Face à ces crises, face à la perspective d’une soirée difficile, Mari et moi faisons face très différemment. Lui m’intime, en fermant la porte: laisse-le pleurer dans la cuisine! Moi, je ne peux pas. Il faut que j’essaie de trouver une solution, il faut que j’essaie de le sortir de sa noyade parce qu’il risque de nous entraîner tous par le fond. Il faut qu’il ait quelque chose dans le ventre, ça résout le problème la majorité du temps. J’attends un peu, pour ne pas contrarier Mari, mais je ne peux m’empêcher d’aller proposer au troll qui hurle des carottes, des pâtes, un jus et même un biscuit, si vraiment il n’y a rien d’autre à faire… À force de stratégie et d’abnégation, ouf, je réussis à lui faire manger un yaourt et surtout deux œufs au plat. Allez, c’est bon, on est sortis du bois. J’ai réussi ma mission patience, Mari et toute la famille vont survivre à cette soirée.
À moins que…
Non, Dernier est encore insupportable, encore plus insupportable même, il grimpe au lit superposé de ses frères, ne veut pas descendre, jette les oreillers sur l’idiote du bas, éclate de rire puis se met à pleurer, tente de jouer à chat, ne veut pas se déshabiller, ne veut pas aller à la douche. Je tente une ultime manœuvre de diversion, qui m’amène devant le bain tout chaud, mais il se roule sur le sol pour m’empêcher de le déshabiller. Alors c’est la goutte d’eau. Je me fâche, fort, très fort, trop fort. Je deviens un loup-garou. Je le déshabille très brusquement, j’arrive tout juste à ne pas lui taper la tête contre tous les meubles de la salle de bains, et me contente de lui hurler au visage “mais arrête, arrête… “ Ça pourrait aller plus loin. Mari, qui m’entend péter un plomb, vient récupérer, sauver (la face de la mère) son enfant. Quand il entre, ça fuse, les “j’en ai marre d’être patiente pour toute la famille, marre de devoir avoir la patience pour nous deux et même pour nous cinq”, je me sens prisonnière de ce travail émotionnel. Je regrette assez vite mes deux colères, contre mon fils, contre mon Mari, parce que, si je suis honnête avec moi-même, il est difficile de démêler tout ce qu’il y a dans cette prise de bec familiale. N’est-ce pas autant que Mari est intensément fatigué de Dernier, puisqu’il s’en est beaucoup plus occupé que moi ces dernières semaines? Ce sentiment d’injustice que je me farcis moi, tout le travail émotionnel de la maison, à essayer de faire exprimer leurs émotions aux uns et aux autres, n’est peut-être pas celui qui devrait primer, ce soir?

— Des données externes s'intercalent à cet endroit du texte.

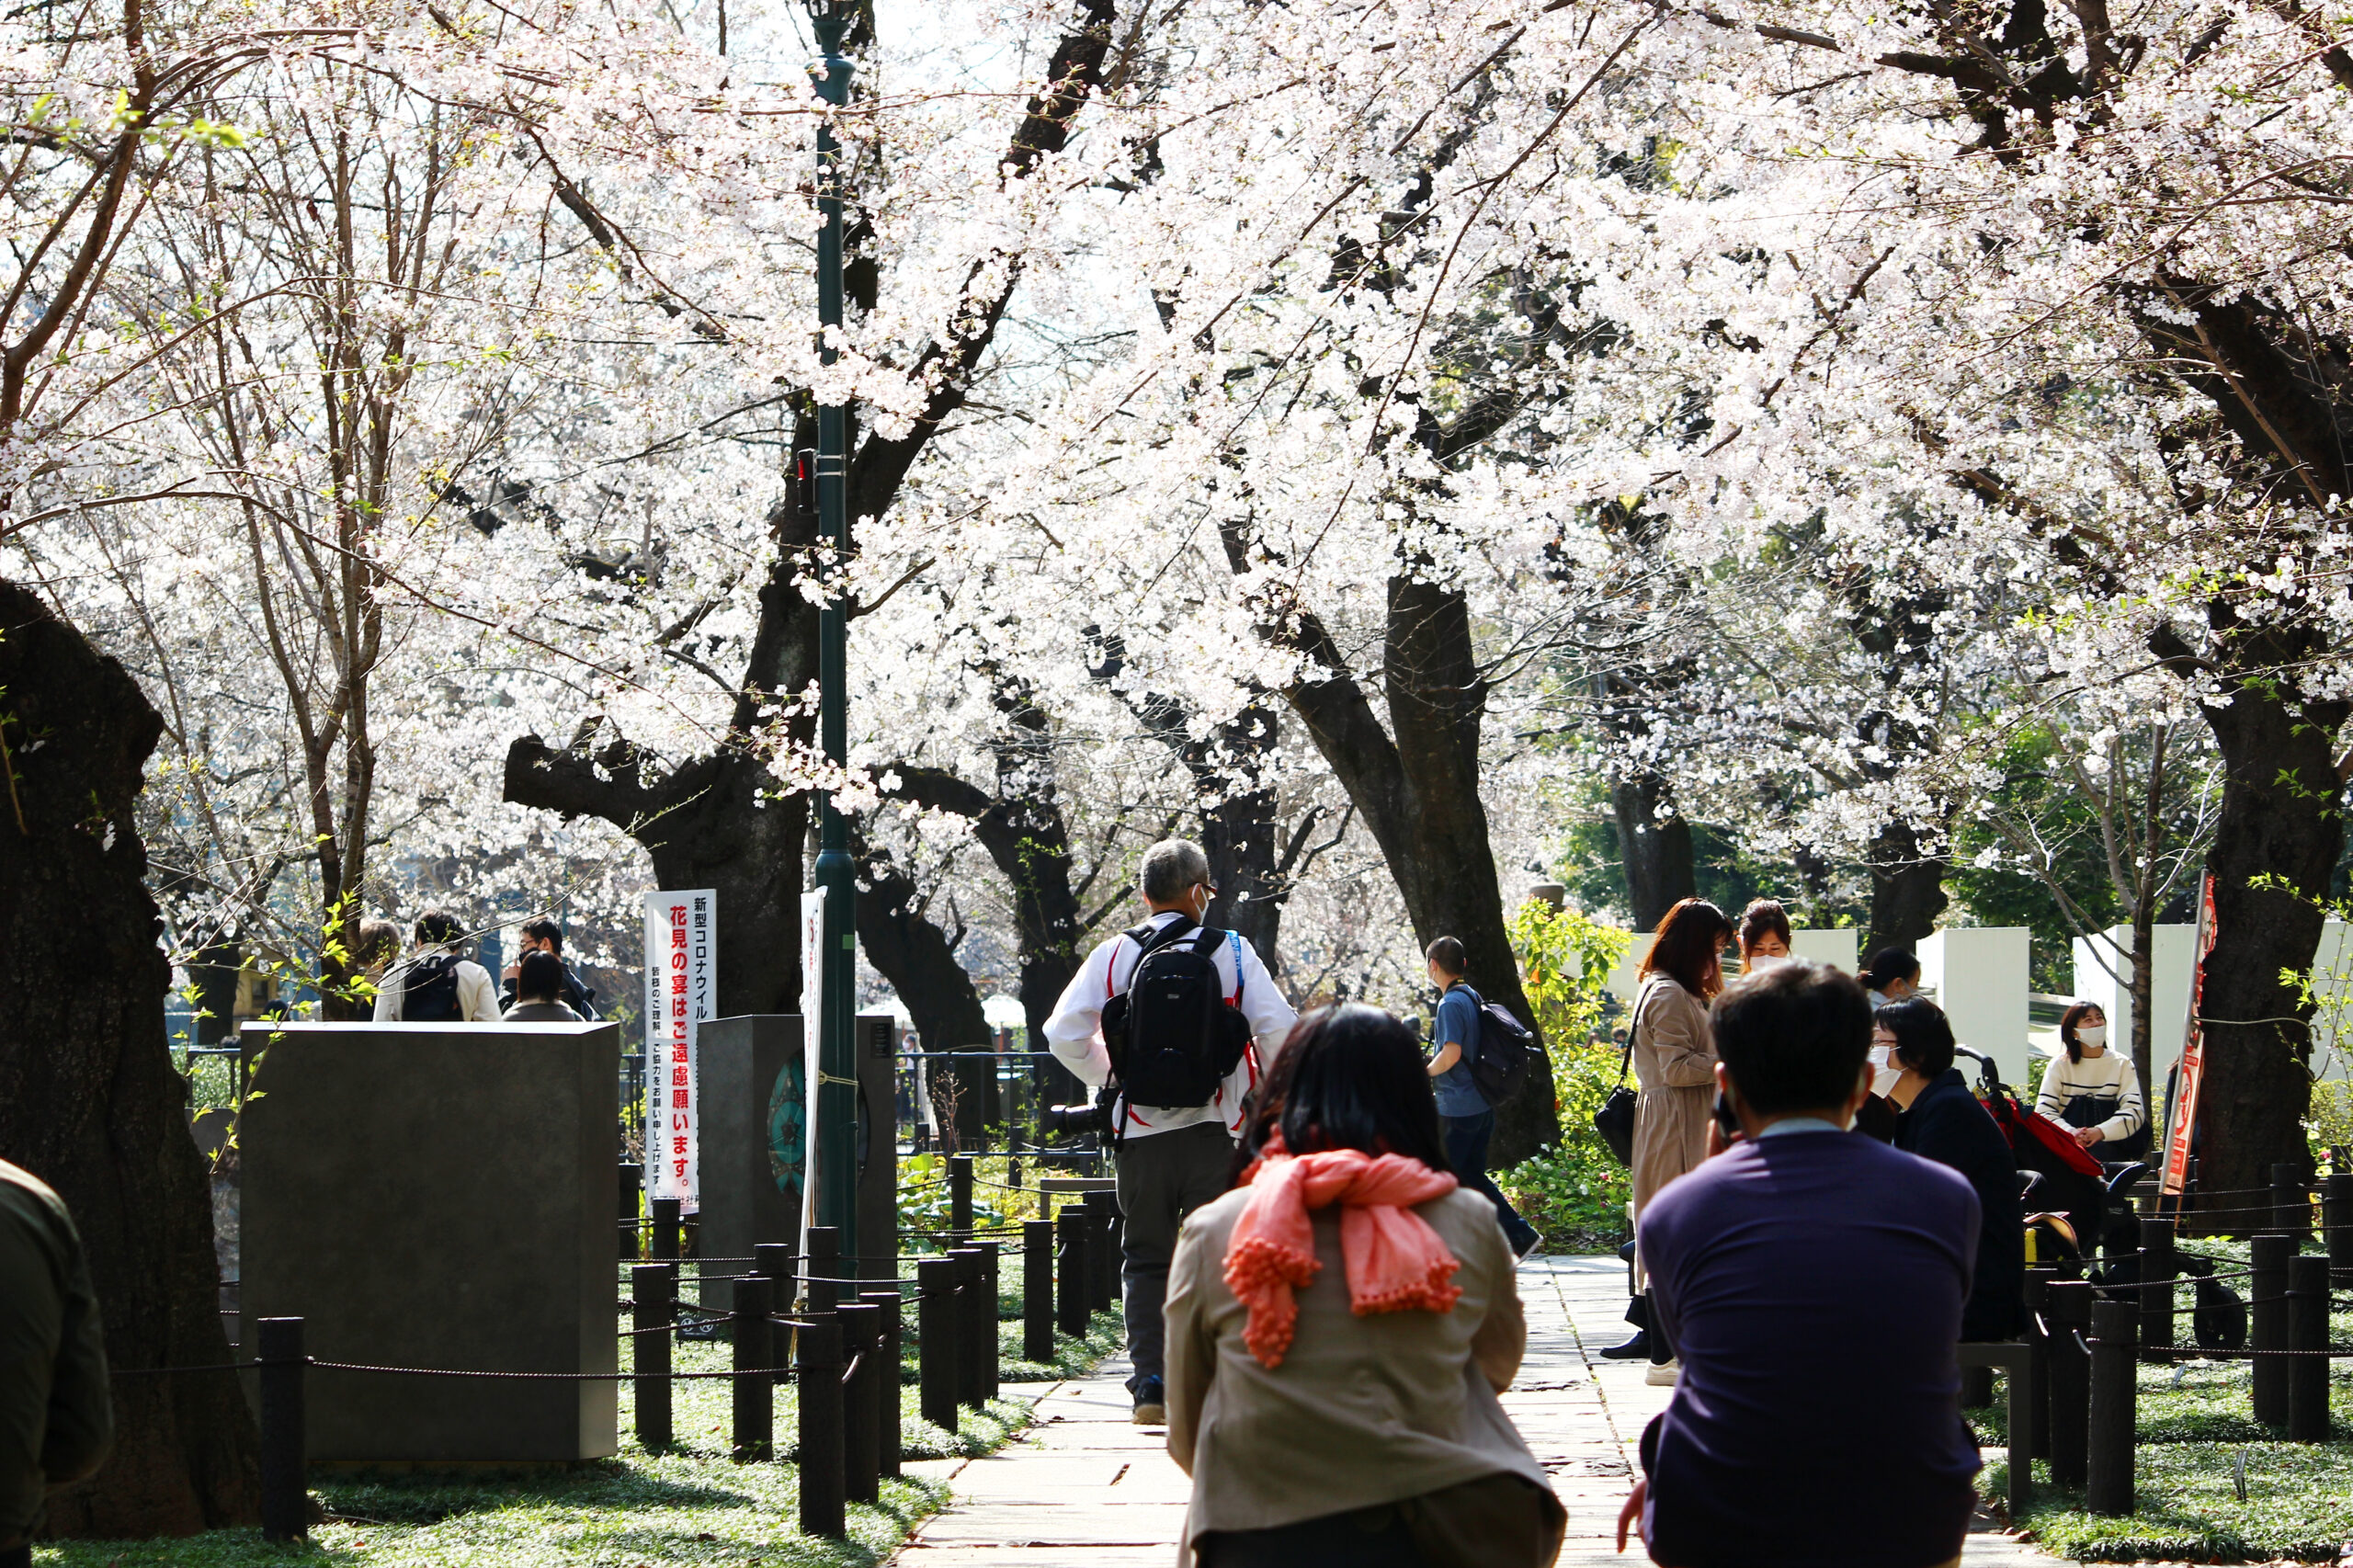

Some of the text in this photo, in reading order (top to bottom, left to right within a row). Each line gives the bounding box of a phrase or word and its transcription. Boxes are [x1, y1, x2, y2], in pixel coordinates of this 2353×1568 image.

Car je ne sais plus si être toujours patiente est une bonne idée avec les enfants. Parfois, comme ce soir, je me surprends à penser que j’échoue dans ma stratégie. En fait, les jours difficiles comme ça, quand les enfants sont intenables, et que j’essaie de déployer des trésors de patience, je me dis que je joue mal mes cartes. Je n’ai pas assez de patience pour faire face à cette situation. Je n’ai pas reçu suffisamment d’amour de mes enfants pour avancer. Et je devrais me préserver. Juste m’éloigner, laisser pleurer au lieu de foncer tête baissée dans le panneau. Peut-être laisser pleurer cinq minutes quand on sent qu’on ne va pas tenir.
Juste, parfois, abandonner, sauver la face et faire face comme on peut.